Restate the entries below exactly. Images are not part of the copy.

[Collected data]
++++++++

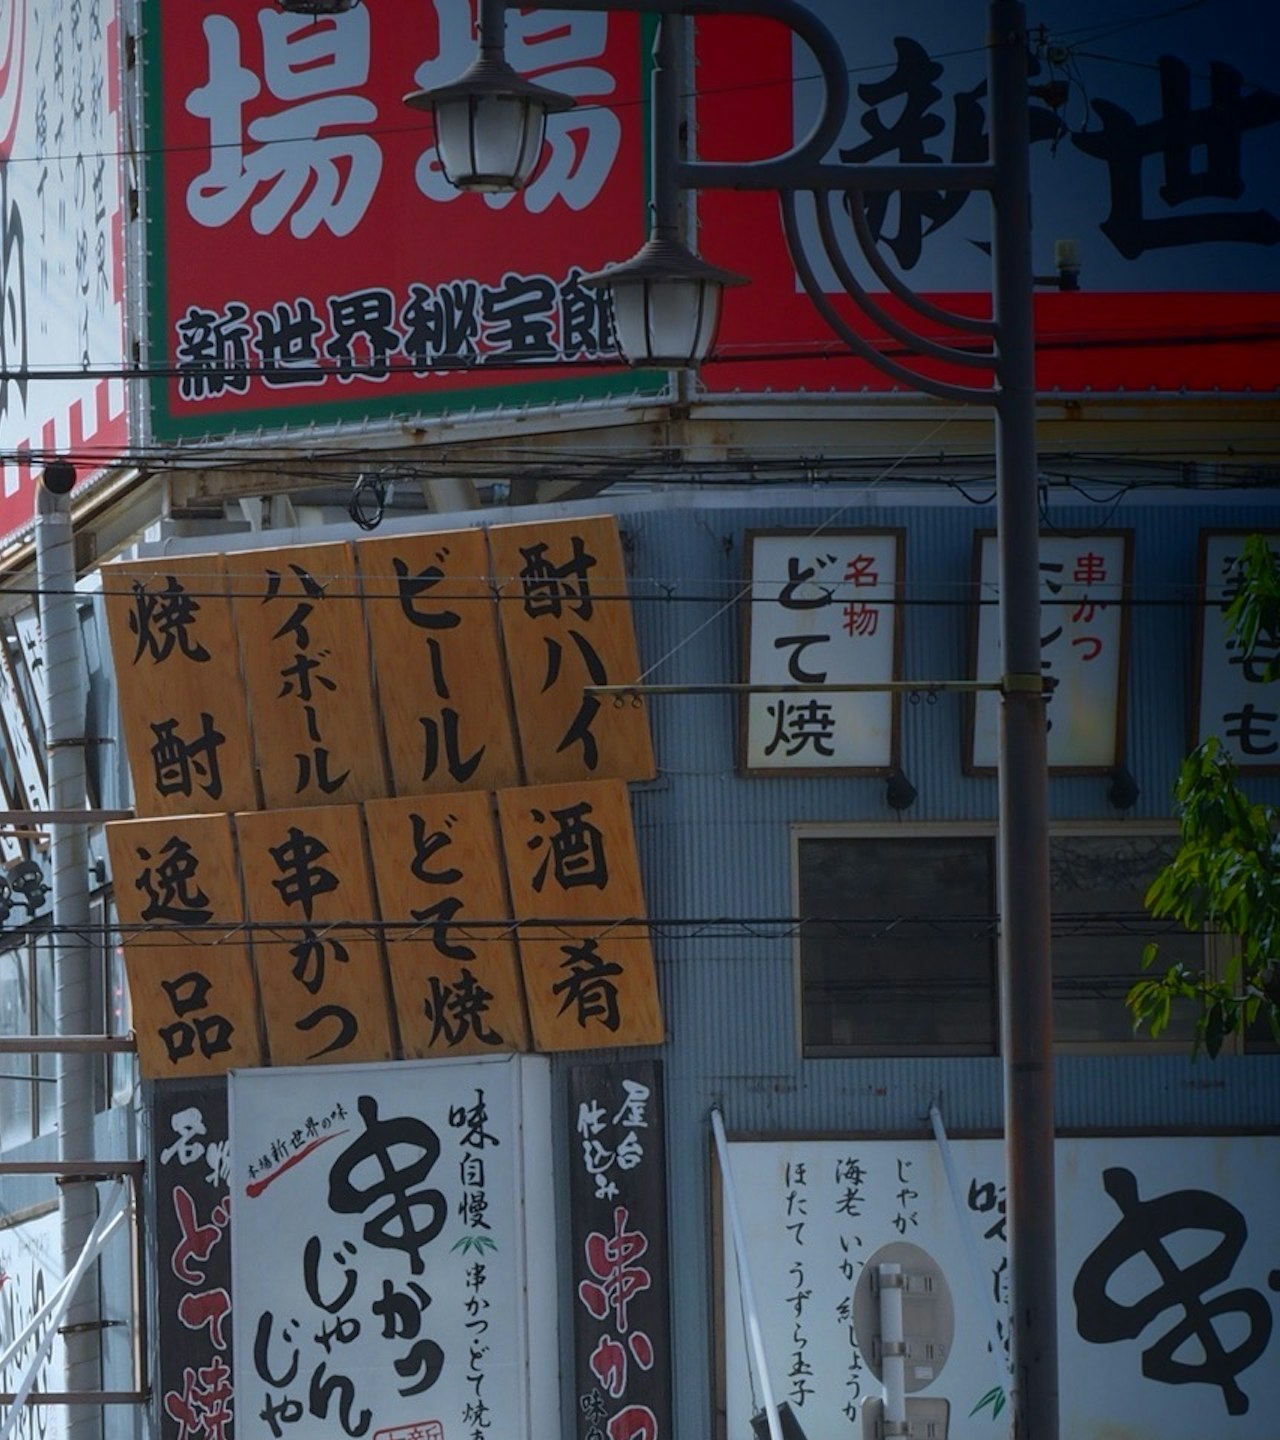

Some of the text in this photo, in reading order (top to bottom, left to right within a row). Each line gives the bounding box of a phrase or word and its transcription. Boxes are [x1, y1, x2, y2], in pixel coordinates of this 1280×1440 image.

[129, 576, 225, 800] 焼酎
[262, 563, 352, 796] ハイボール
[392, 547, 486, 784] ビール
[520, 536, 609, 771] 酎ハイ
[763, 552, 837, 757] どて焼
[843, 554, 880, 638] 名物
[1071, 551, 1108, 662] 串かつ
[135, 835, 235, 1065] 逸品
[268, 827, 358, 1061] 串かつ
[408, 813, 502, 1048] どて焼
[526, 802, 624, 1033] 酒肴
[246, 1102, 348, 1179] 本場新世界の味
[327, 1094, 447, 1397] 串かつ
[448, 1088, 500, 1231] 味自慢
[835, 1157, 868, 1217] 海老
[785, 1162, 816, 1408] ほたて うずら玉子
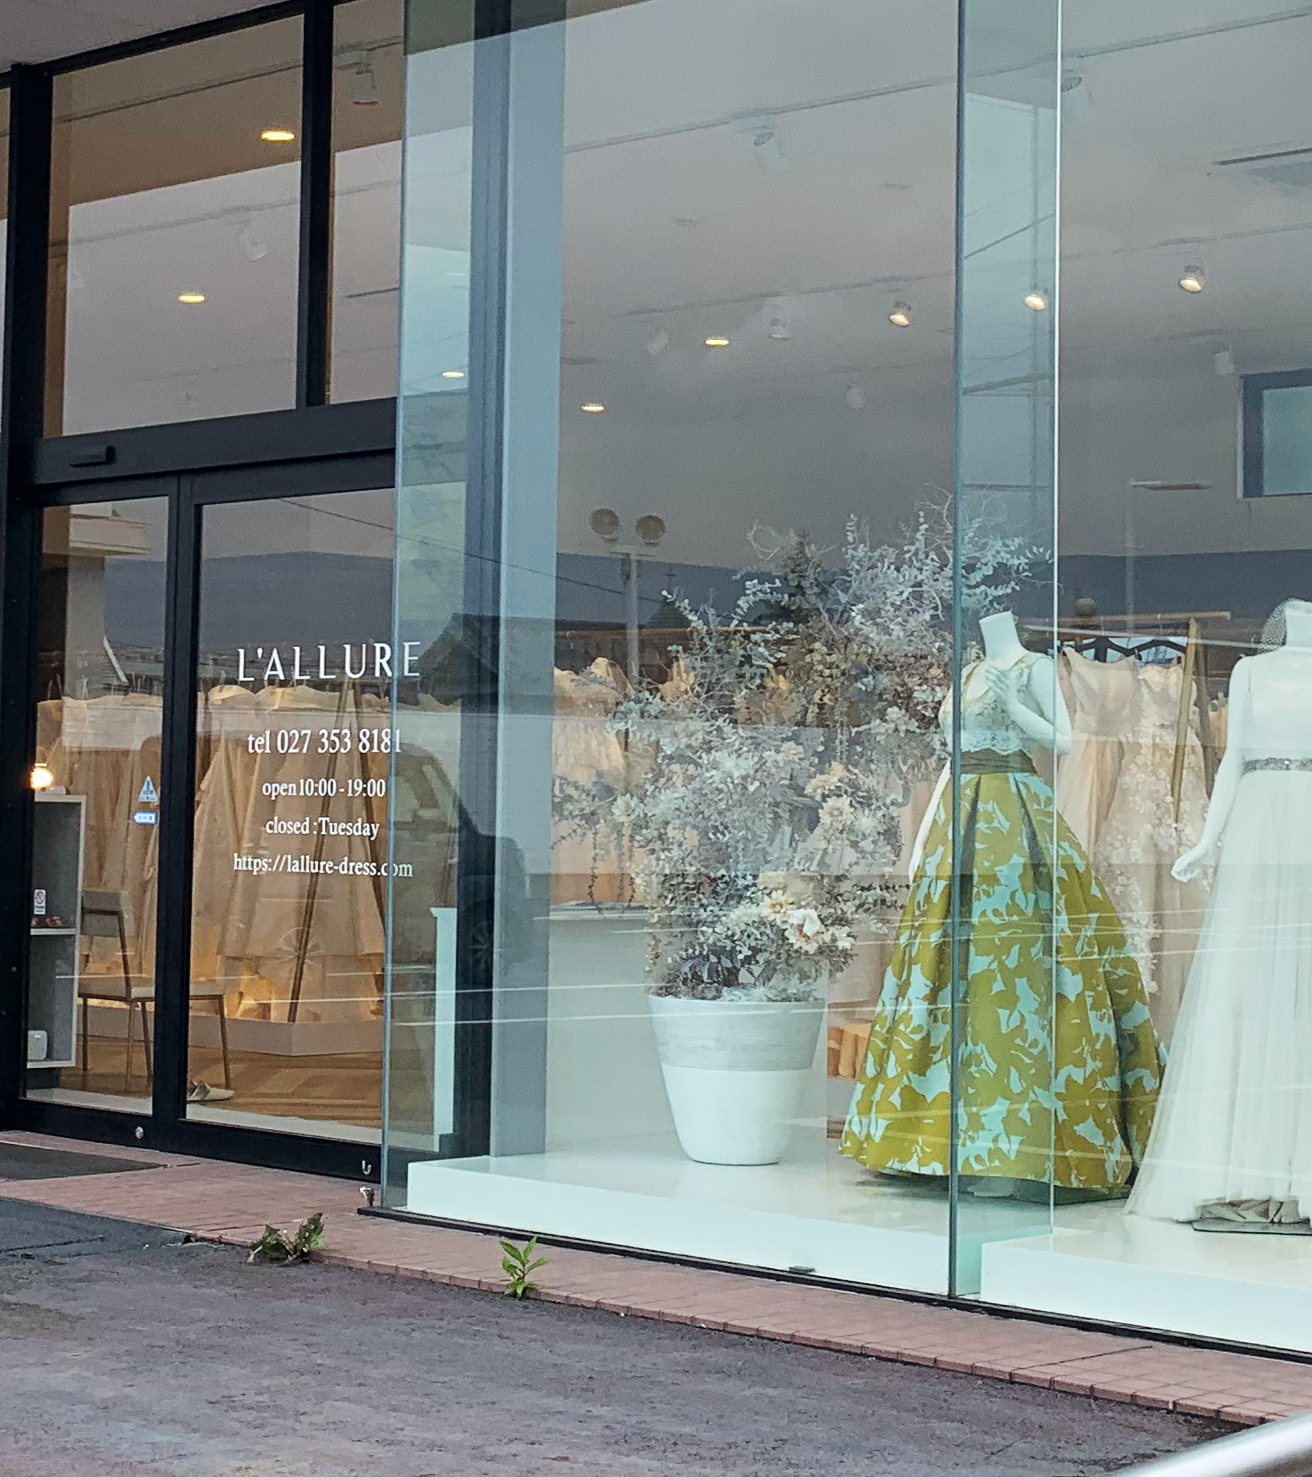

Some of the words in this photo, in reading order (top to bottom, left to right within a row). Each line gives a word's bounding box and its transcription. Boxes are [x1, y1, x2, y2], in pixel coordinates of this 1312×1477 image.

[237, 641, 421, 681] L'ALLURE
[247, 730, 271, 754] tel
[277, 729, 311, 754] 027
[317, 729, 351, 754] 353
[358, 728, 401, 753] 8181
[347, 780, 386, 797] 19:00
[265, 816, 310, 835] closed
[233, 853, 413, 877] https://lallure-dress.com
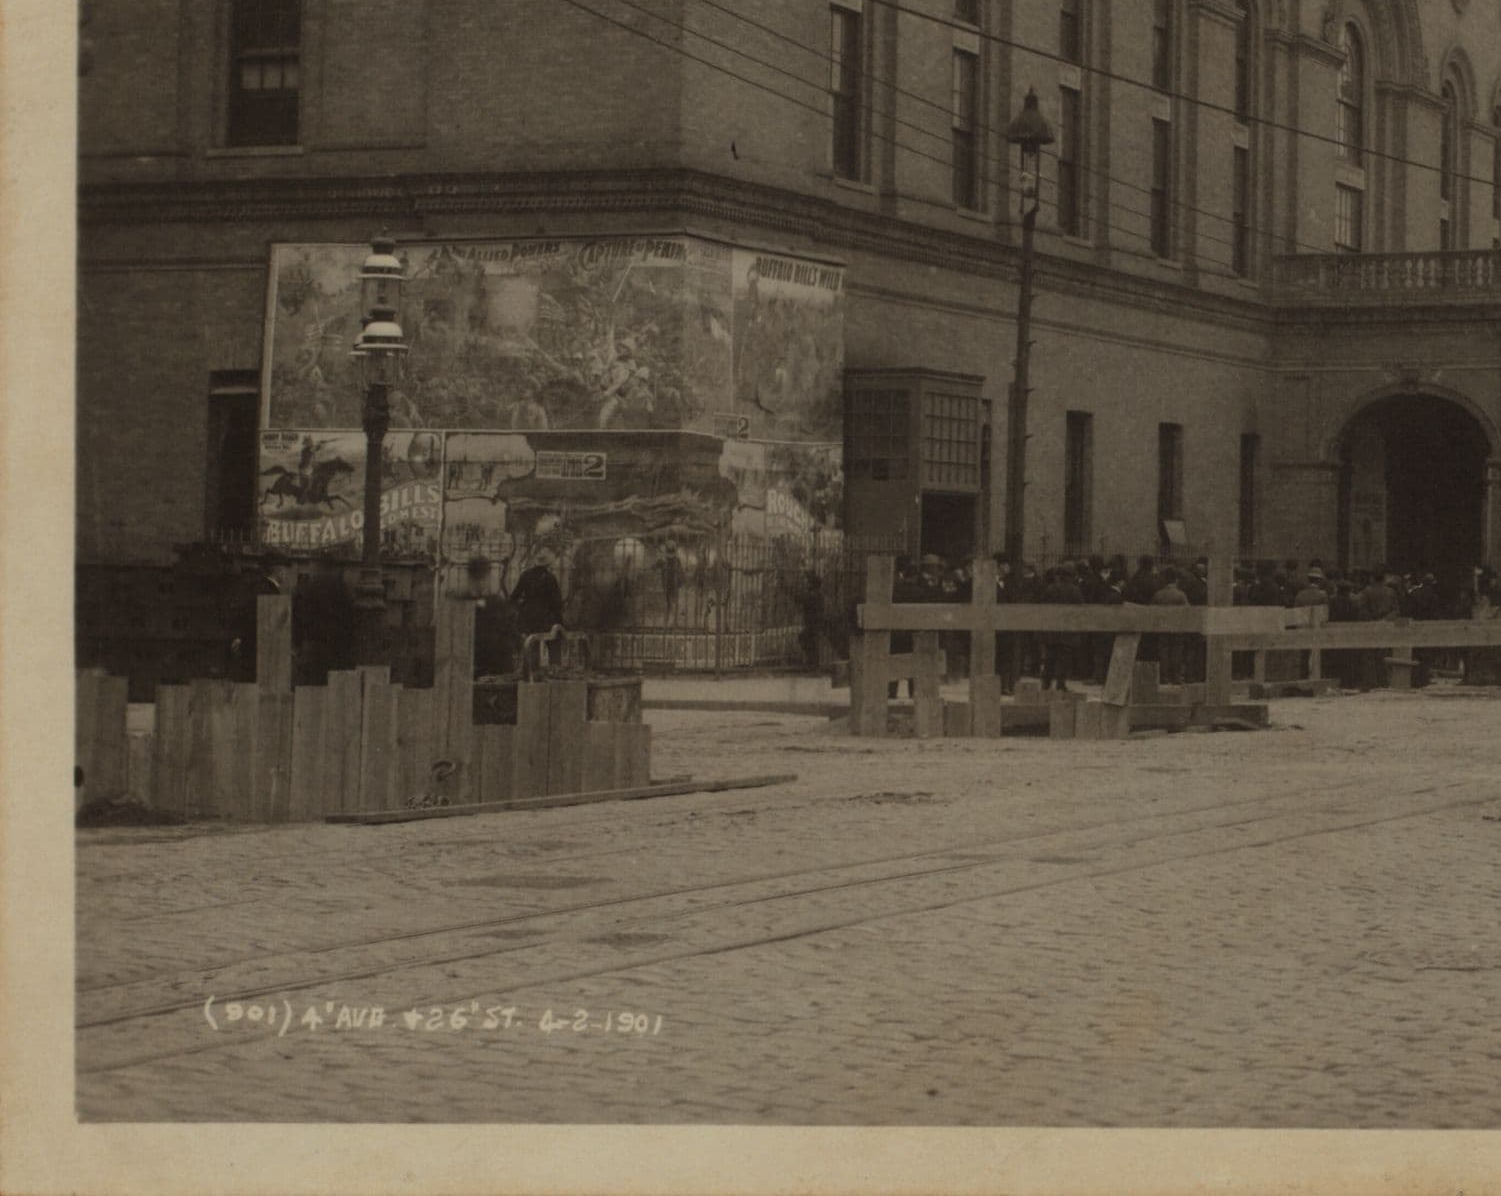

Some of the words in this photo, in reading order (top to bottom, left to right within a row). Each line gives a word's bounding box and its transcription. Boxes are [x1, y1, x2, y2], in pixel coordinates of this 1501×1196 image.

[511, 241, 561, 262] POWERS
[738, 416, 749, 439] 2
[584, 454, 604, 478] 2
[266, 510, 364, 545] BUFFALO
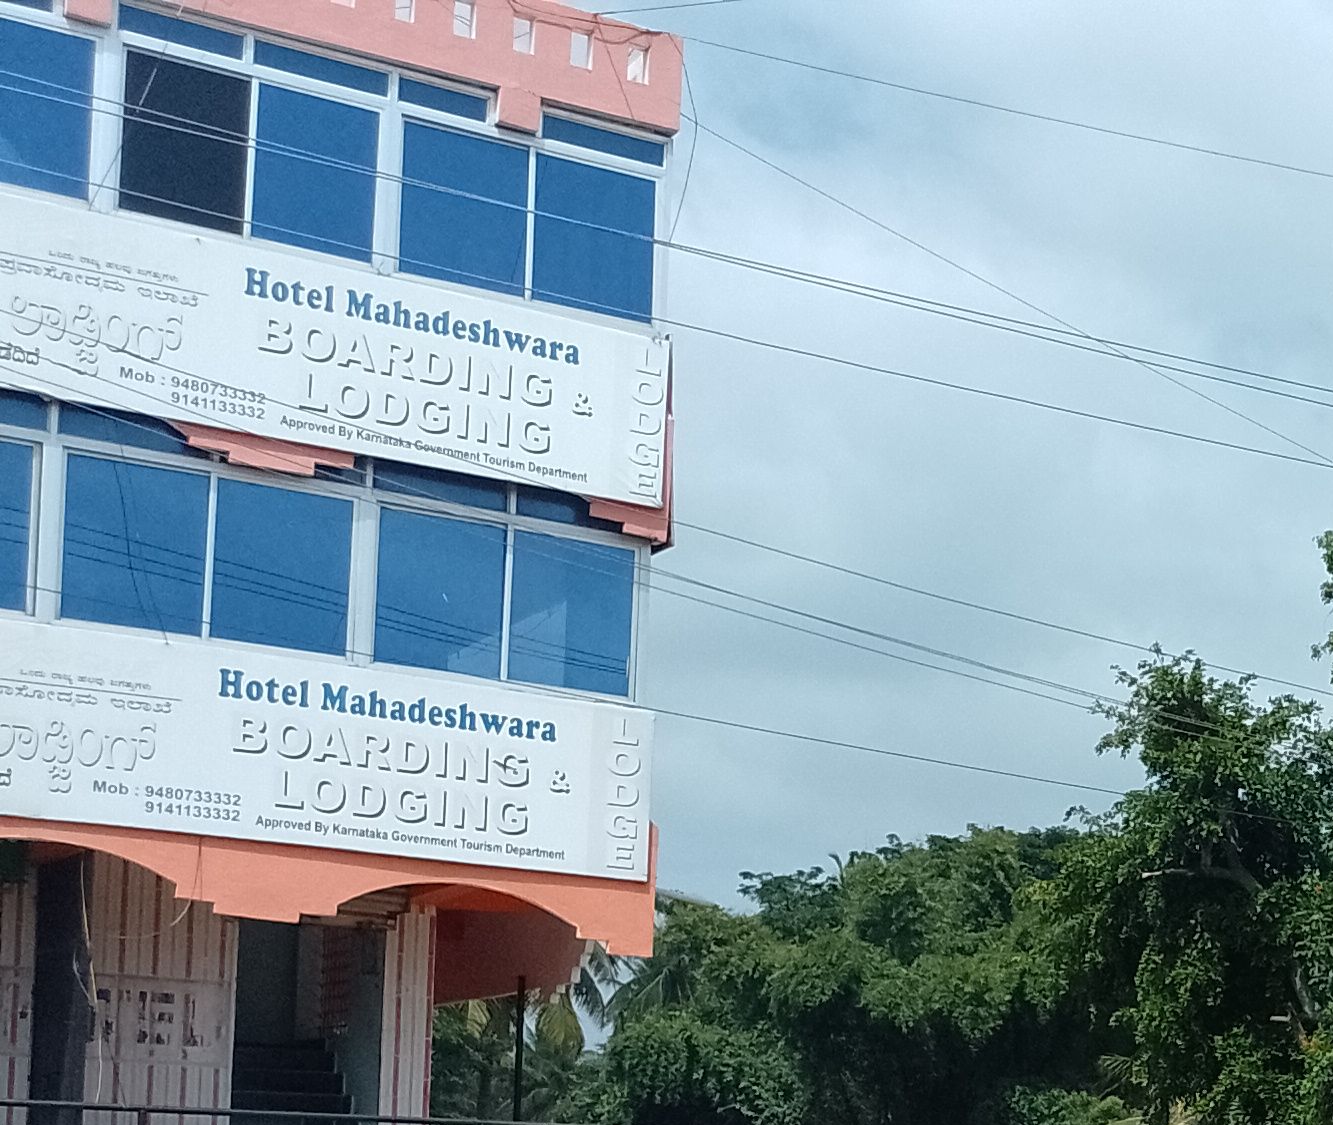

++++++++

ANSWER SECTION ->
Some of the text in this photo, in reading order (top to bottom, left to right within a row). Each line gives the bounding box of a phrase or word and its transcription. Boxes are [x1, y1, x2, y2], in pixel coordinates of this 1280×1440 image.

[129, 576, 225, 800] 焼酎
[262, 563, 352, 796] ハイボール
[392, 547, 486, 784] ビール
[520, 536, 609, 771] 酎ハイ
[763, 552, 837, 757] どて焼
[843, 554, 880, 638] 名物
[1071, 551, 1108, 662] 串かつ
[135, 835, 235, 1065] 逸品
[268, 827, 358, 1061] 串かつ
[408, 813, 502, 1048] どて焼
[526, 802, 624, 1033] 酒肴
[246, 1102, 348, 1179] 本場新世界の味
[327, 1094, 447, 1397] 串かつ
[448, 1088, 500, 1231] 味自慢
[835, 1157, 868, 1217] 海老
[785, 1162, 816, 1408] ほたて うずら玉子

Some of the words in this photo, in reading order (top to bottom, left to right within a row). Each line gives a word's bounding box and its transcription. Boxes are [x1, y1, x2, y2], in pixel coordinates of this 1312×1477 image.

[237, 641, 421, 681] L'ALLURE
[247, 730, 271, 754] tel
[277, 729, 311, 754] 027
[317, 729, 351, 754] 353
[358, 728, 401, 753] 8181
[347, 780, 386, 797] 19:00
[265, 816, 310, 835] closed
[233, 853, 413, 877] https://lallure-dress.com

Some of the words in this photo, in reading order (top to bottom, left to right within a row). Each line gives a word's bounding box and its transcription. Boxes are [x1, y1, x2, y2], in pixel coordinates of this 1501×1196 image.

[511, 241, 561, 262] POWERS
[738, 416, 749, 439] 2
[584, 454, 604, 478] 2
[266, 510, 364, 545] BUFFALO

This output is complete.